Easy homemade breakfast muffins with bananas, oats and walnuts. You can drizzle some more Date Syrup on top if you like
Serves 12, contains eggs, 15 minutes work time, 20 minutes total time
3/4 cup shelled walnuts
6 oz all-purpose flour
6 oz instant oatmeal
1/4 cup brown sugar
1/4 teaspoon salt
1 teaspoon baking powder
1 large egg, lightly beaten
4 ripe bananas
1/4 cup NuNature Date Syrup
4 tablespoons olive oil (or vegetable oil)
- Preheat oven to 375 degrees f. Roughly chop almost all the nuts
- In a bowl, mix all the dry ingredients: flour, oatmeal, brown sugar, baking powder and salt.
- In a second bowl, mash the bananas using a fork, add the date syrup, oil and the egg and mix well.

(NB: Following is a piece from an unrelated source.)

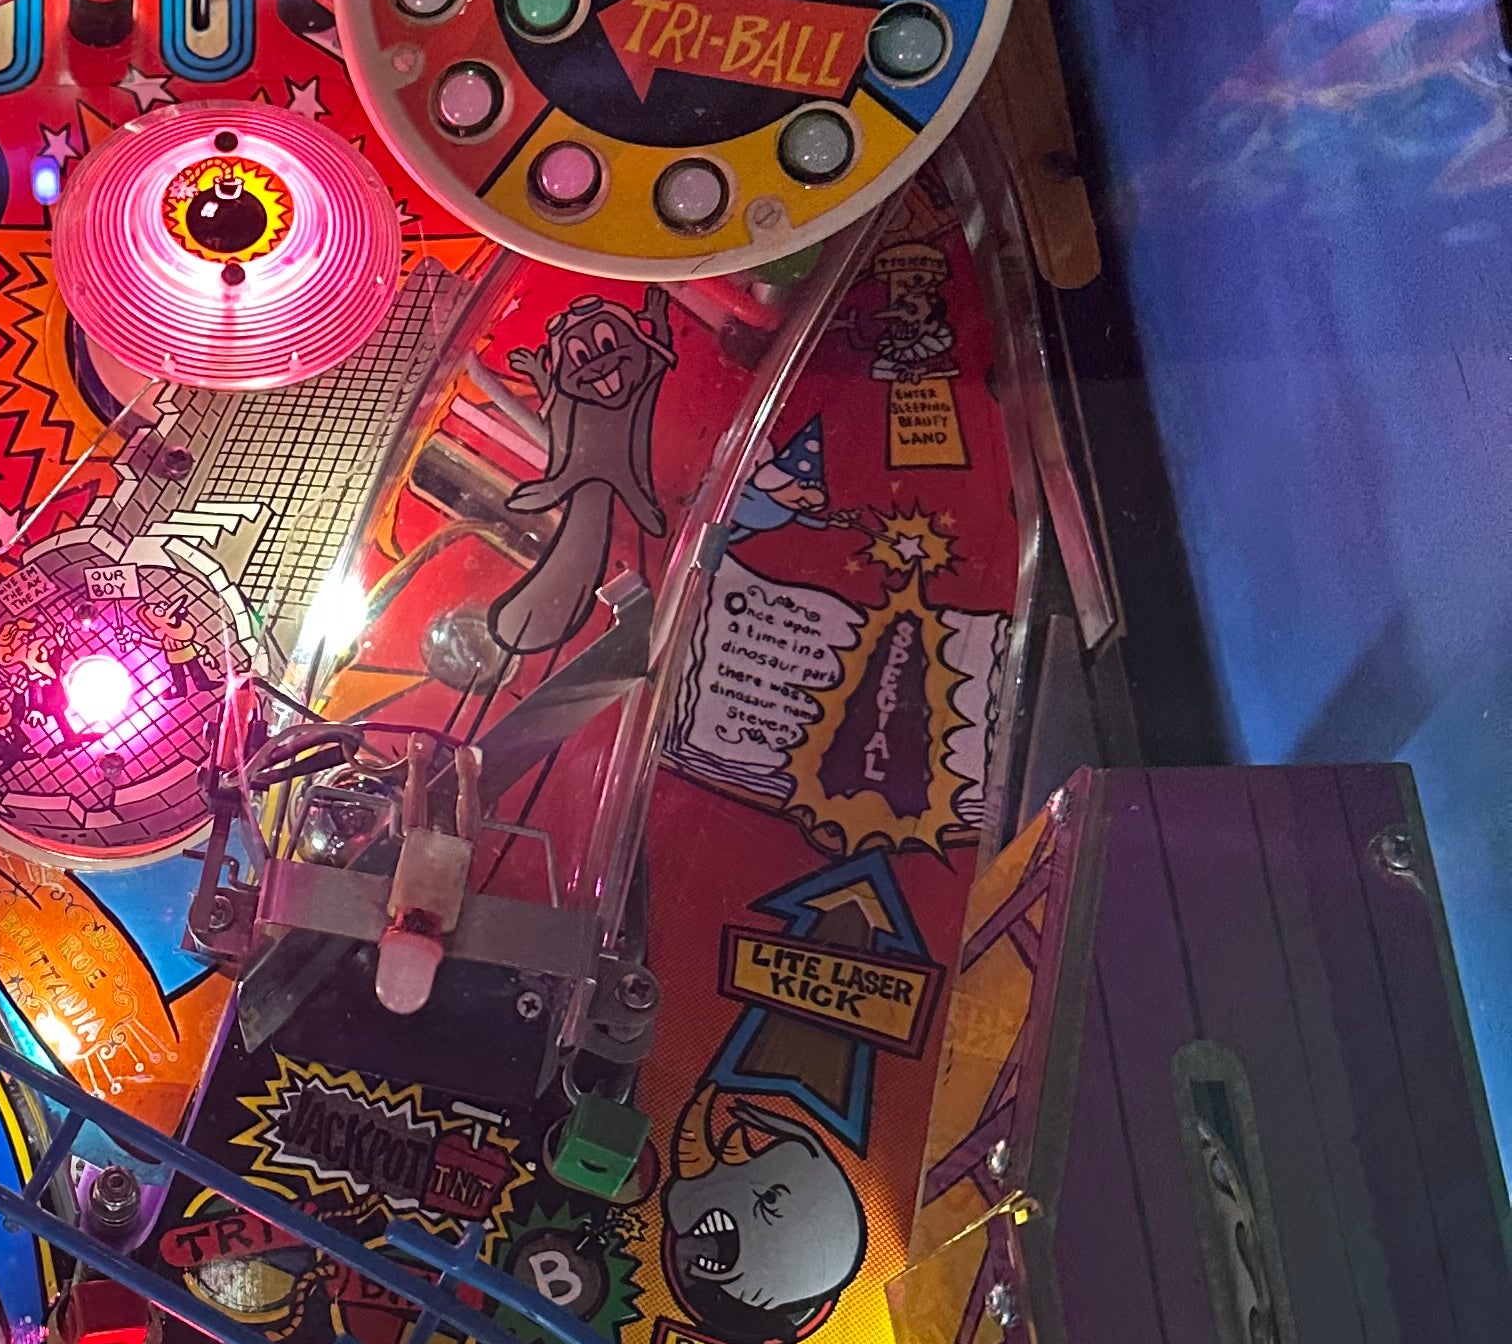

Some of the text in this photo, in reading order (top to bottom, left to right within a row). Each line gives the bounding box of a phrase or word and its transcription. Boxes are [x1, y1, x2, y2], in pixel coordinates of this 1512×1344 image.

- Using a wooden spoon, gently combine the two mixtures only until you reach a smooth consistency (don’t overmix).
- Using a spoon, fill a 12-hole silicone muffin tray with the muffin batter.
- Bake in the middle rack of the oven for about 20-30 minutes, or until a toothpick inserted into one of the muffins comes out clean.
- Serve warm (not hot!). Keeps refrigerated 4-5 days.